Max schauderte und ging hinüber zu der Nische. Noch im Gehen riss er sich die Kleidung des Ersten Fürsten vom Leib, da er seine eigene anziehen wollte. »Ich musste etwas unternehmen. Sie durfte nicht zu lange nachdenken, sonst hätte sie etwas bemerkt.« Er schob den Kopf in seine Tunika. »Und, bei den Elementaren, Tavi, wenn ich irgendetwas mindestens genauso gut kann wie ein Hoher Fürst, dann ist es das Küssen.«
»Das stimmt vermutlich«, meinte Tavi. »Aber … denkst du nicht, sie müsste wissen, wie ihr Gemahl küsst?«
Max schnaubte verächtlich. »Aber klar doch!«
Tavi runzelte die Stirn und betrachtete Max forschend, doch der zuckte nur mit den Schultern. »Ist es nicht offensichtlich? Die beiden sind praktisch Fremde.«
»Wirklich? Woher weißt du das?«
»Im Leben von Machtmenschen wie Gaius gibt es zwei unterschiedliche Arten von Frauen. Diejenigen, die sie aus politischen Gründen ehelichen, und die, die sie wirklich begehren.«
»Warum sagst du das?«, wollte Tavi wissen.

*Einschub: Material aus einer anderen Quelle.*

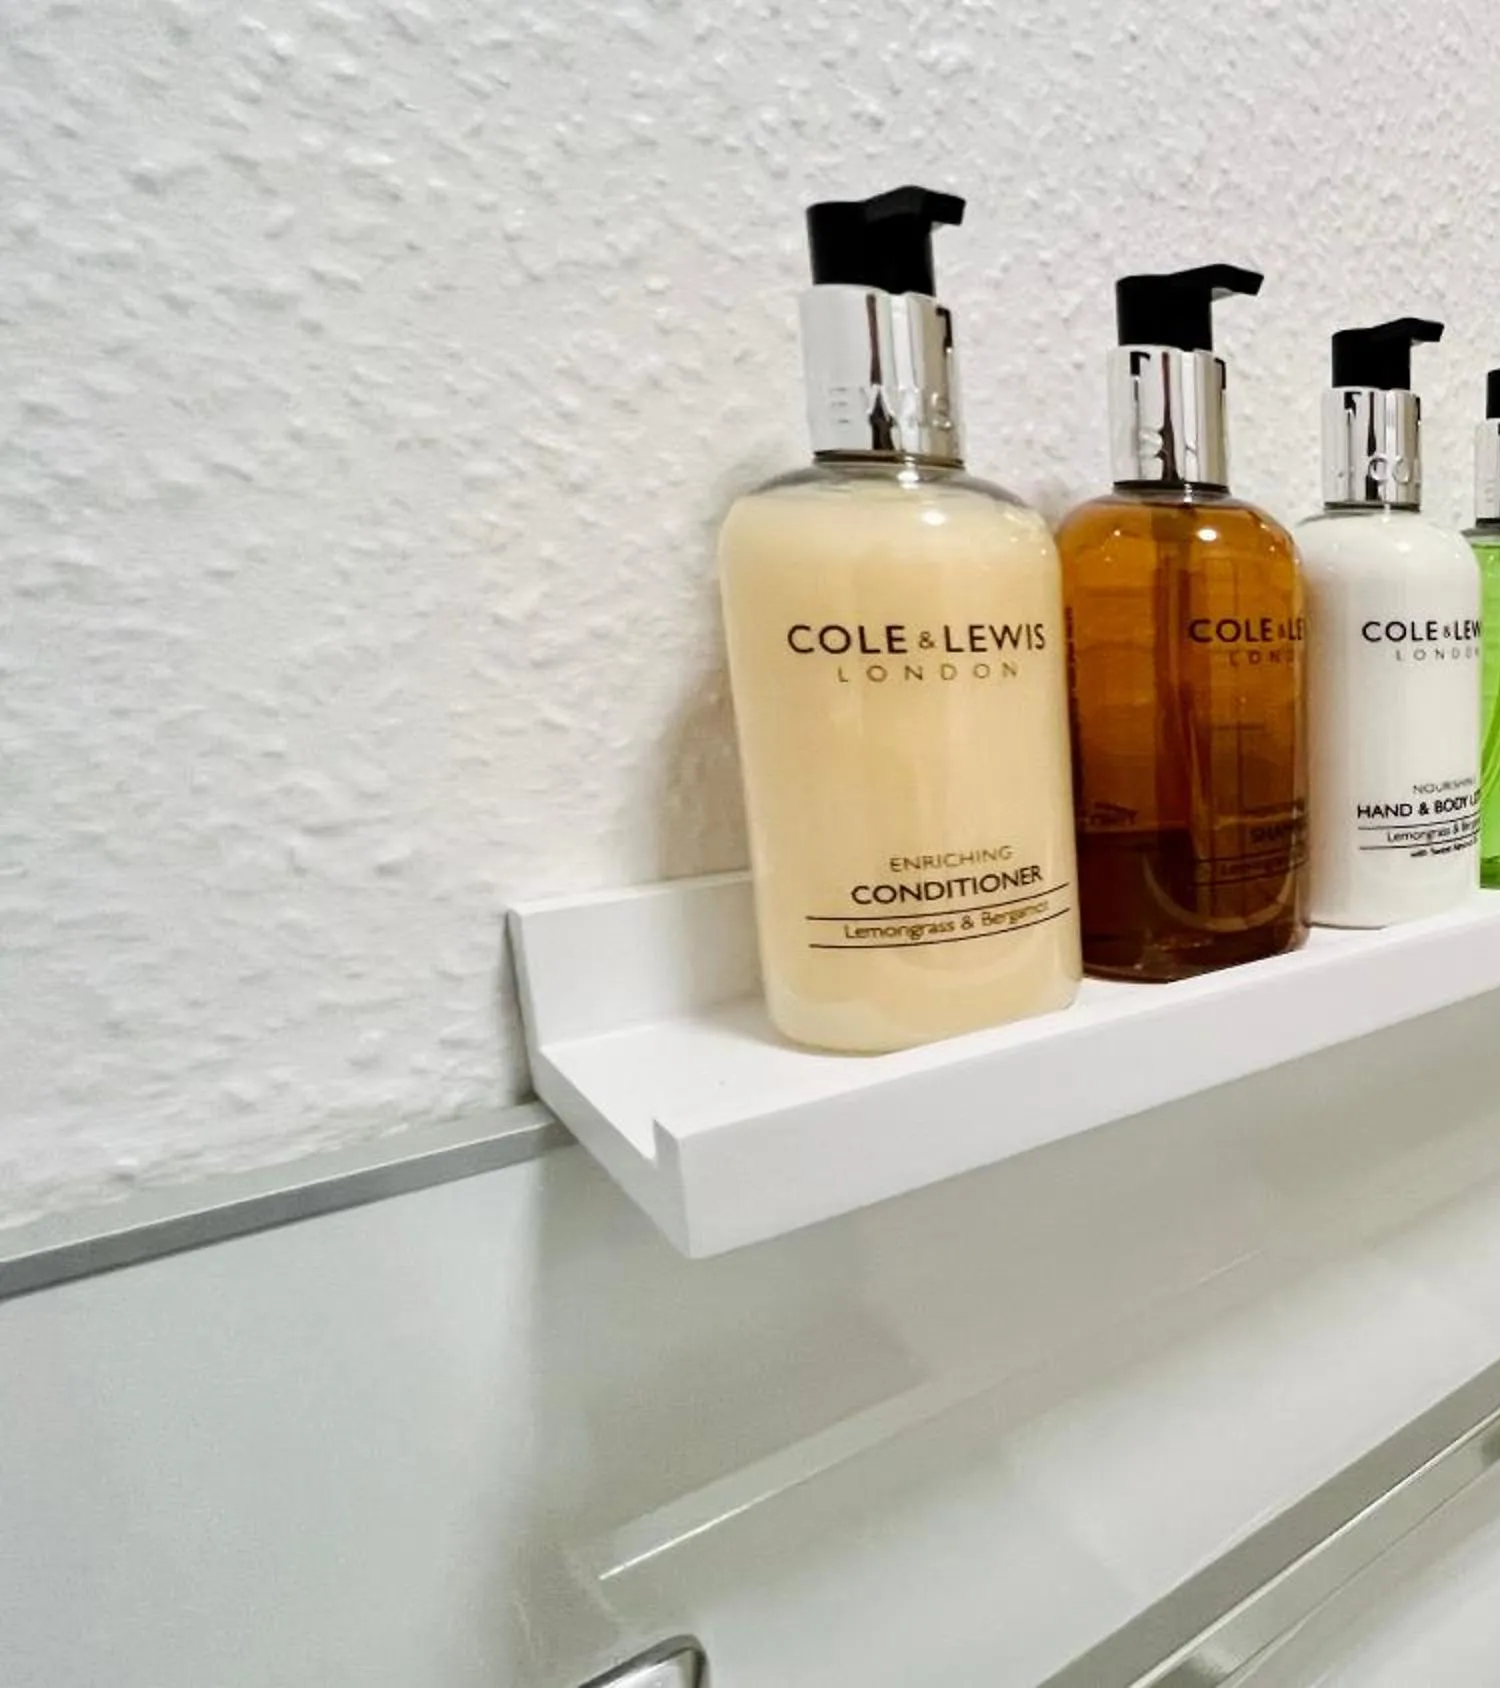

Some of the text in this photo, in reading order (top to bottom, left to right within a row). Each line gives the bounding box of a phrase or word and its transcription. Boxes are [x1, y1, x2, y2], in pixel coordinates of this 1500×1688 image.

Max’ Miene wurde verträumt. »Erfahrung.« Er schüttelte den Kopf und kämmte sich mit den Fingern das Haar. »Glaub mir. Wenn eine Gattin, die man aus politischen Gründen geheiratet hat, etwas nicht weiß, dann das: wie sich das Begehren des Ehemannes anfühlt. Es ist durchaus denkbar, dass Gaius sie seit der Hochzeit nicht ein einziges Mahl geküsst hat.«
»Wirklich?«
»Ja. Und natürlich gibt es im Reich keinen Mann, der es wagen würde, Gaius zu verärgern, indem er eine Affäre mit seiner Angetrauten anfängt. Eine derartige Situation ist für die arme Frau sicherlich äußerst … unbefriedigend. Und das habe ich ausgenutzt.«
Tavi schüttelte den Kopf. »Das ist irgendwie so … so falsch. Ich meine, gewiss verstehe ich, welcher politische Druck hinter den Heiraten der Hohen Fürsten steht, aber … aber eigentlich habe ich gedacht, es würde doch auch um Liebe gehen.«
»Adlige heiraten nicht aus Liebe, Tavi. Den Luxus dürfen sich nur Wehrhöfer und Freie gönnen.« Verbittert verzog er den Mund. »Gleichgültig. Ich hatte keine andere Wahl. Und es hat geklappt.«
Tavi nickte seinem Freund zu. »Scheint tatsächlich so zu sein.«
Max hatte sich fertig umgezogen. »Hm … Tavi? Wir werden davon doch niemandem etwas erzählen, oder?« Er blickte seinen Freund unsicher an. »Bitte.«
»Wovon denn?«, erwiderte Tavi und lächelte unschuldig.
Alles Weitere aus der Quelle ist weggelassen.